Cleanup

When you are finished with the workshop, follow these steps to remove all AWS resources and avoid ongoing charges.

Important: The S3 buckets (FrontendBucket and ContentBucket) are set to DeletionPolicy: Retain in the CloudFormation template. You must empty and delete them manually after deleting the CloudFormation stack.

Step 1: Empty the S3 Buckets

Before deleting the stack, empty both application S3 buckets (including all object versions, because versioning is enabled):

# Empty all object versions from the frontend bucket
aws s3api delete-objects \
  --bucket FRONTEND_BUCKET_NAME \
  --delete "$(aws s3api list-object-versions \
    --bucket FRONTEND_BUCKET_NAME \
    --query '{Objects: Versions[].{Key:Key,VersionId:VersionId}}' \
    --output json)"

# Empty all object versions from the content bucket
aws s3api delete-objects \
  --bucket CONTENT_BUCKET_NAME \
  --delete "$(aws s3api list-object-versions \
    --bucket CONTENT_BUCKET_NAME \
    --query '{Objects: Versions[].{Key:Key,VersionId:VersionId}}' \
    --output json)"

Then delete any remaining delete markers:

aws s3 rm s3://FRONTEND_BUCKET_NAME --recursive
aws s3 rm s3://CONTENT_BUCKET_NAME --recursive

Step 2: Delete the CloudFormation Stack

Delete the GuardScript infrastructure stack:

aws cloudformation delete-stack --stack-name guardscript-prod

Monitor deletion progress:

aws cloudformation describe-stacks \
  --stack-name guardscript-prod \
  --query "Stacks[0].StackStatus"

Wait until the status is DELETE_COMPLETE (typically 3–5 minutes).

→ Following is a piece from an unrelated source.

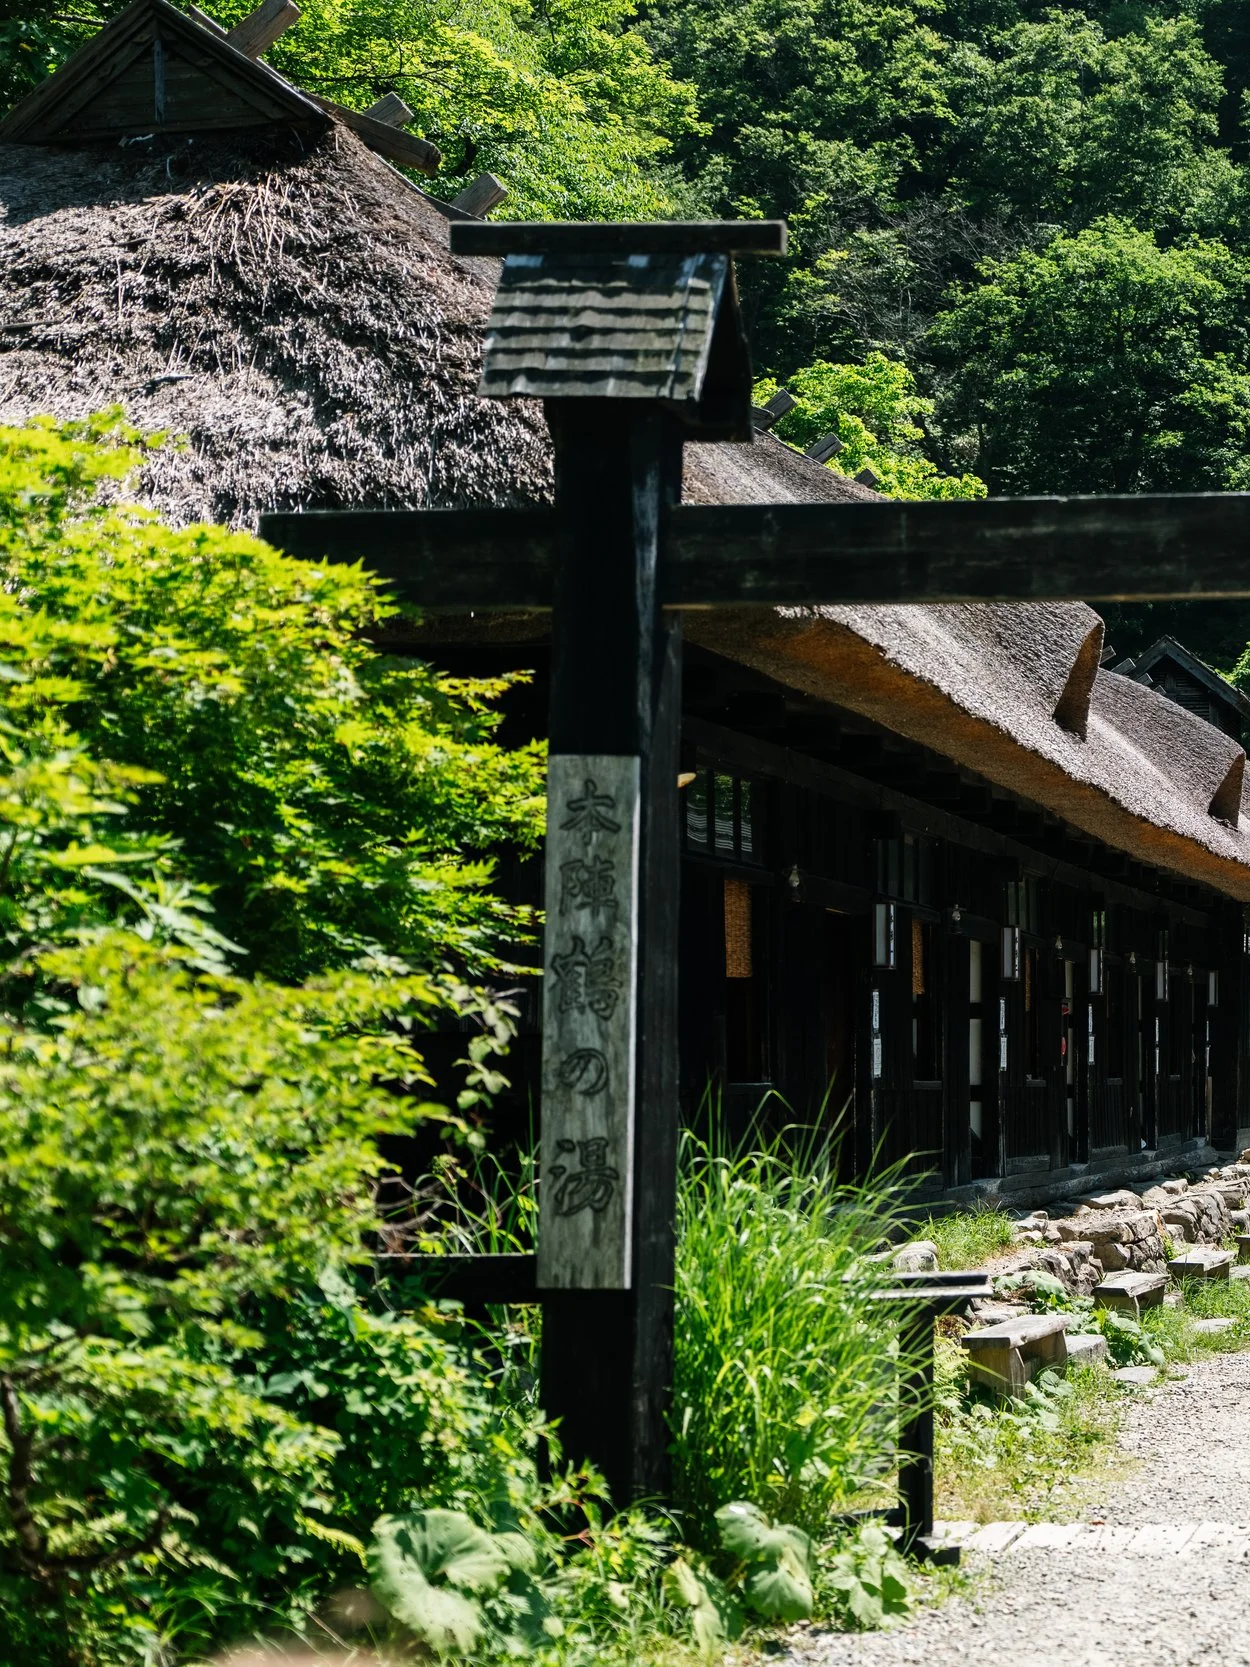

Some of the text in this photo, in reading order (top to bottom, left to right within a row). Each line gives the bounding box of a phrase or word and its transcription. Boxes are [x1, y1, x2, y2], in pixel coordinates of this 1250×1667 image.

[549, 778, 623, 1217] 本陣鶴の湯
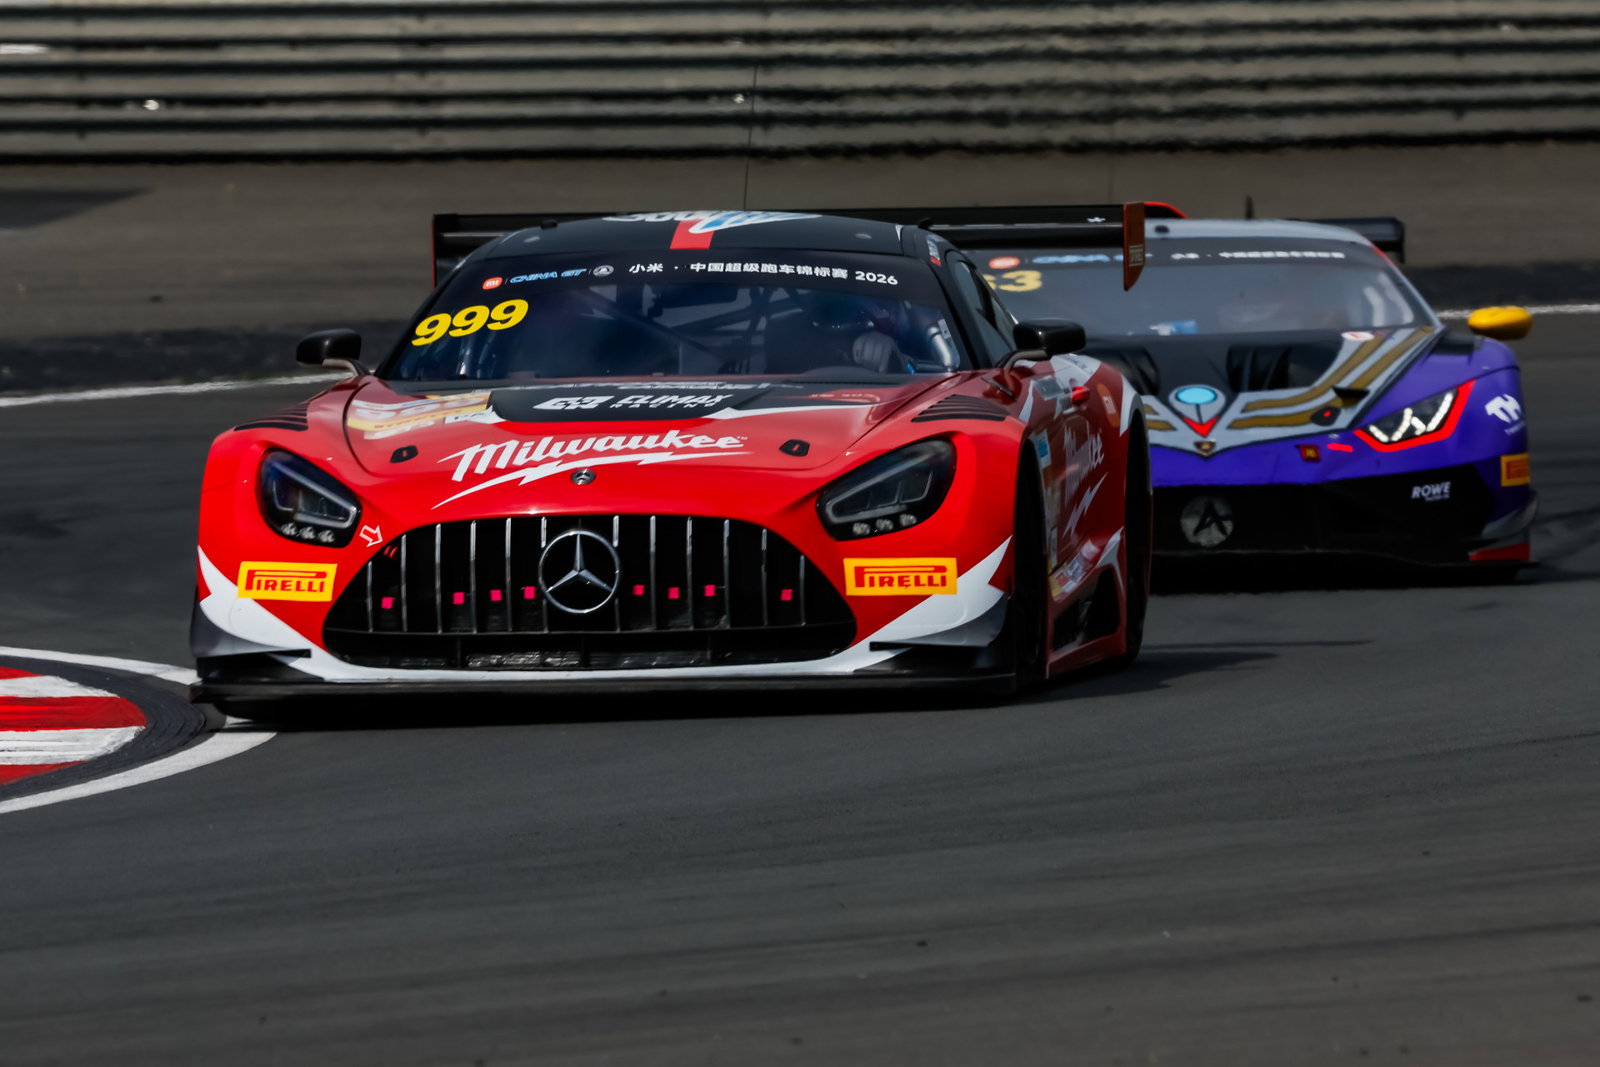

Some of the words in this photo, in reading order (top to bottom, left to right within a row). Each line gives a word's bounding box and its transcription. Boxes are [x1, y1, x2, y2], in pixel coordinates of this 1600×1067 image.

If the stack gets stuck, check the Events tab in the CloudFormation console for errors.

Step 3: Delete the S3 Buckets

After the stack is deleted, remove the (now-empty) retained buckets:

aws s3 rb s3://FRONTEND_BUCKET_NAME
aws s3 rb s3://CONTENT_BUCKET_NAME

Step 4: Delete the Deployment Bucket

Remove the deployment bucket created in Phase 1:

aws s3 rm s3://DEPLOY_BUCKET --recursive
aws s3 rb s3://DEPLOY_BUCKET

Step 5: Verify Cleanup

Confirm all main resources are removed:

# Verify stack is gone
aws cloudformation describe-stacks --stack-name guardscript-prod 2>&1 | grep "does not exist"

# Verify Lambda function is gone
aws lambda get-function --function-name code-protector-aws-prod-api 2>&1 | grep "ResourceNotFoundException"

# Verify S3 buckets are gone
aws s3 ls | grep "code-protector-aws"
# (should return nothing)

Summary

Resource	Cleanup Method
CloudFormation stack	`aws cloudformation delete-stack`
Frontend S3 bucket	Empty versions + `aws s3 rb`
Content S3 bucket	Empty versions + `aws s3 rb`
Deployment S3 bucket	`aws s3 rm --recursive` + `aws s3 rb`
Lambda function	Deleted automatically with stack
DynamoDB tables	Deleted automatically with stack
CloudFront distribution	Deleted automatically with stack
WebSocket API	Deleted automatically with stack
CloudWatch Alarms / Dashboard	Deleted automatically with stack
IAM Execution Role	Deleted automatically with stack

Note: CloudWatch Log Groups may be retained depending on the ManageApiLogGroup parameter. Delete manually via CloudWatch → Log Groups if needed.